Eppure, il Covid 19 ci costringe a pensare, a riflettere sul nostro mondo impazzito. Anche in passato le pestilenze hanno causato moltitudini di vittime innocenti e anche in tempi recenti le grandi pandemie (1918 Spagnola) e poi 1957 e 1970 avevano colpito anche il nostro paese con oltre cinquemila morti.
Ma il nostro mondo post-moderno, ipertecnologico, in cui il tema della sicurezza e del benessere sono elementi ossessivi e patologici sta trascorrendo il suo periodo più drammatico. I paradossi sono molti.

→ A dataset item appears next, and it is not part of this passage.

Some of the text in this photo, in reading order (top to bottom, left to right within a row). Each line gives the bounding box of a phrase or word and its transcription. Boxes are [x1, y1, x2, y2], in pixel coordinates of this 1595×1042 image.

Un tempo al fronte c’erano i soldati e a casa rimanevano donne e bambini che però erano possibili bersagli di bombardamenti e rappresaglie, oggi al fronte ci sono tutti gli operatori sanitari (medici, infermieri, personali ausiliario, soccorso, persone che devono fare la disinfestazione e le pulizie) ma nelle retrovie ci sono anche tutti coloro che devono uscire per lavoro e sono a contatto con il pubblico.

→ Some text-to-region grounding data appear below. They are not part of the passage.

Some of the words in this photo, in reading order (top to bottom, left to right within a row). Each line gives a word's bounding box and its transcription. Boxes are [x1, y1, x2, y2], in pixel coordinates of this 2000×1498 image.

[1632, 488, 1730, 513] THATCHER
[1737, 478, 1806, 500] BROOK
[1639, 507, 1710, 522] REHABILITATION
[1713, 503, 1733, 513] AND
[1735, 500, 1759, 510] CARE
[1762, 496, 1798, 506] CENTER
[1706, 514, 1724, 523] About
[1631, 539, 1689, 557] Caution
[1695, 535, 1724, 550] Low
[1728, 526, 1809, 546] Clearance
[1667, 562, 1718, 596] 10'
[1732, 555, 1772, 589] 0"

Poi ci sono milioni di persone che sono in casa e possono uscire solo per fare la spesa o per indifferibili problemi di natura sanitaria. Tralascio l’idiozia e l’incuranza di tutti coloro che si sono mossi per scappare al Sud o al Nord, quelli che hanno intasato stazioni ferroviarie e celebrato feste e sciato senza pensare ad un domani. E non voglio addentrarmi sulla situazione economia. Dio solo che sarà evidente che ripartendo nulla sarà come prima. Oppure ripartire come prima vorrebbe dire votarsi a suicidio planetario.
Ma il paradosso del virus è che ciò che sta succedendo è emblematico di un mondo di individui, solitari, poco avvezzi ad un comportamento etico collettivo. Nello stesso tempo però sono migliaia i cittadini, che in modo opposto, si comportano secondo le regole e molti altri che aiutano, sostengono, lottano, lavorano per salvare, vite umane.

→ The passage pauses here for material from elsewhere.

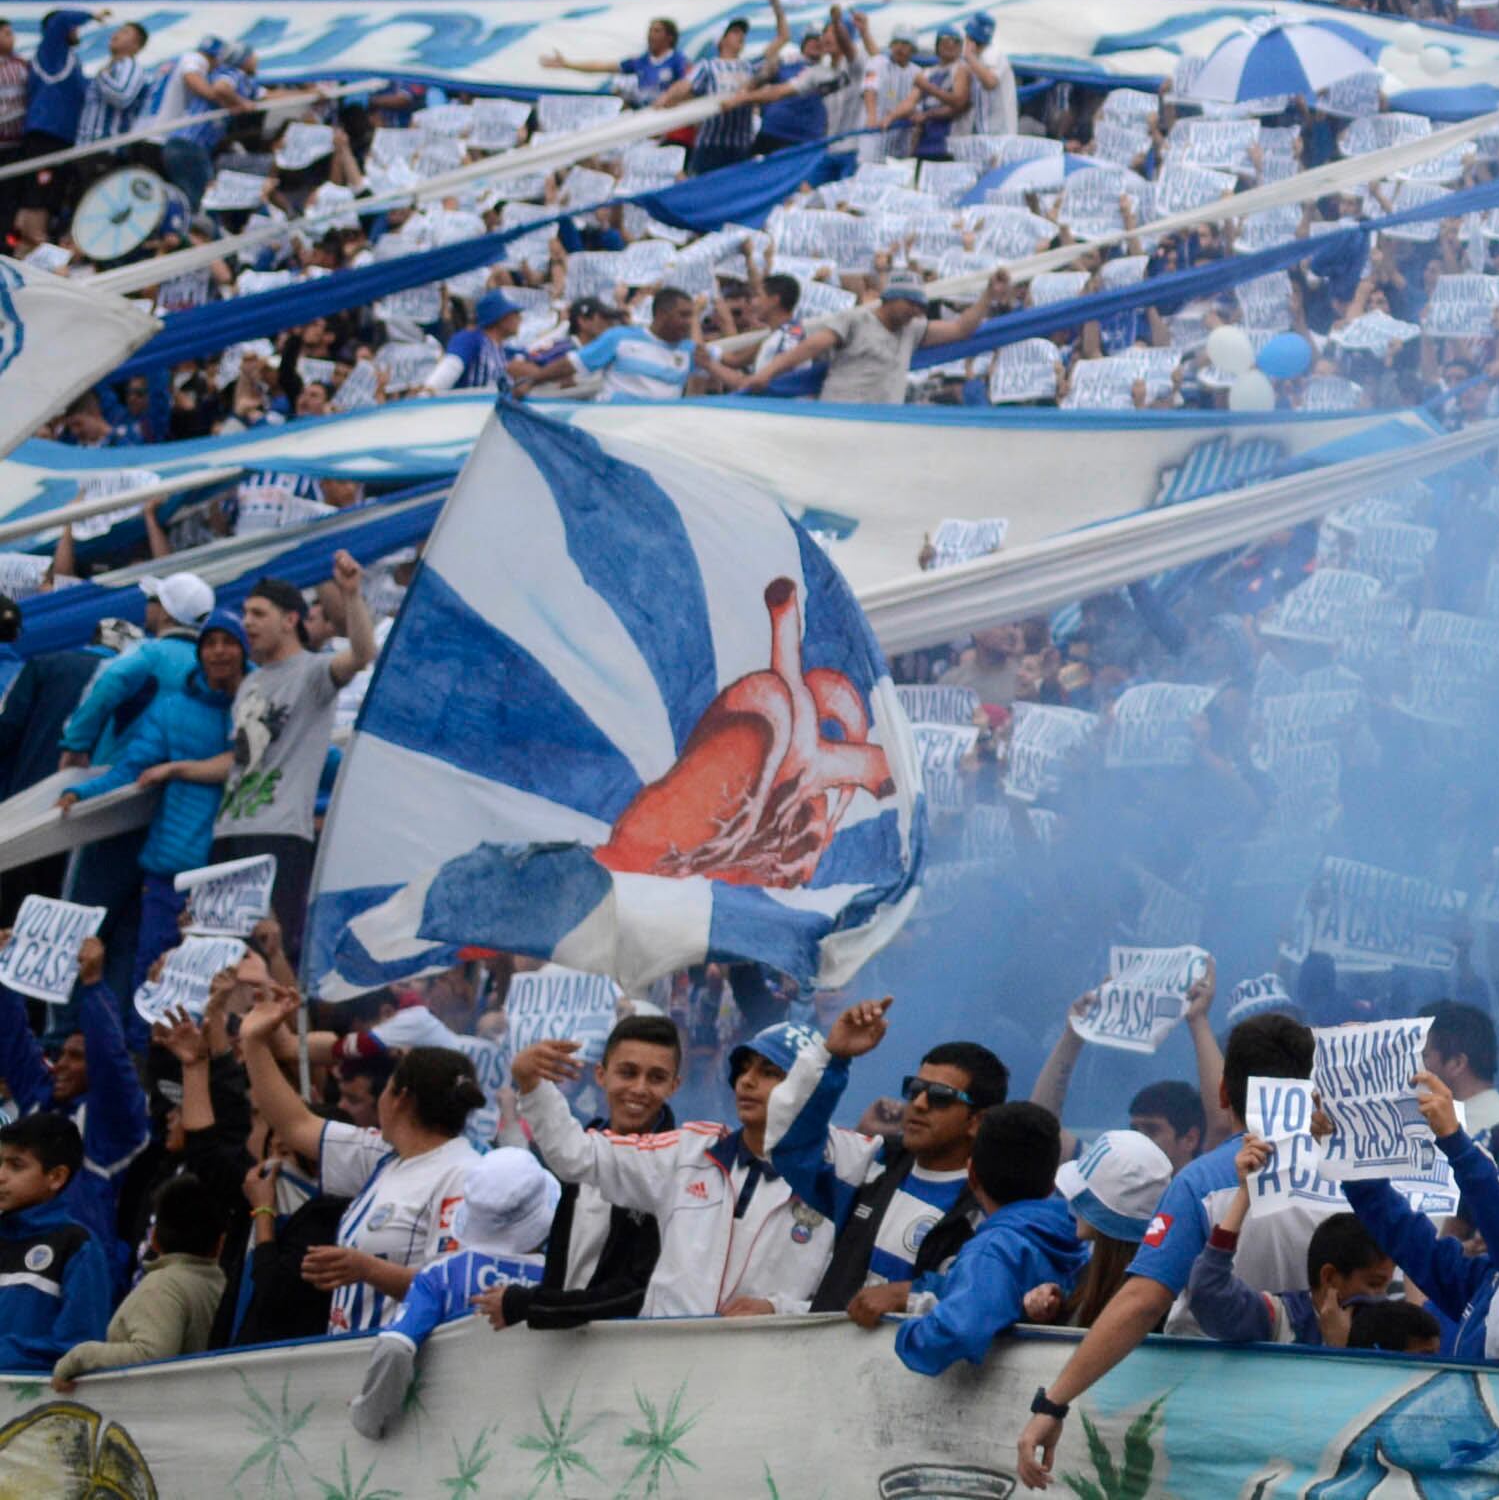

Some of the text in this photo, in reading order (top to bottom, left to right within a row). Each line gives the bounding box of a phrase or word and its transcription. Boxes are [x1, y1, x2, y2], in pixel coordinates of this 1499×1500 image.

[509, 974, 618, 1016] VOLVAMOS
[1100, 989, 1155, 1036] CASA
[1326, 1102, 1345, 1160] A
[1338, 1098, 1408, 1160] CASA

La verità è che contro un nemico subdolo, come aveva previsto Bill Gates, siamo indifesi, ma non solo per la globalizzazione e l’interdipendenza che ormai lega il pianeta non solo nel mondo virtuale ma anche in quello reale, ma perché abbiamo perso il senso del limite, della fragilità, della impossibilità di controllare tutto e tutti. Neppure nei regimi autoritari, vedi la Cina, dove è esploso il virus. Una considerazione finale è quella relativa al mondo che cambia e all’accelerazione di una generazione che muore senza poter dare un ultimo saluto.
Un lutto che sarà comune solo se, alla fine dell’emergenza, sapremo tutti fare i conti con questa dimensione del passaggio credenti e non credenti, per dare un senso all’esistenza di ogni persona, perché le cifre sono importanti per l’azione di contrasto, la cura e il contenimento, ma le persone, uniche e irripetibili, muoiono una volta sola.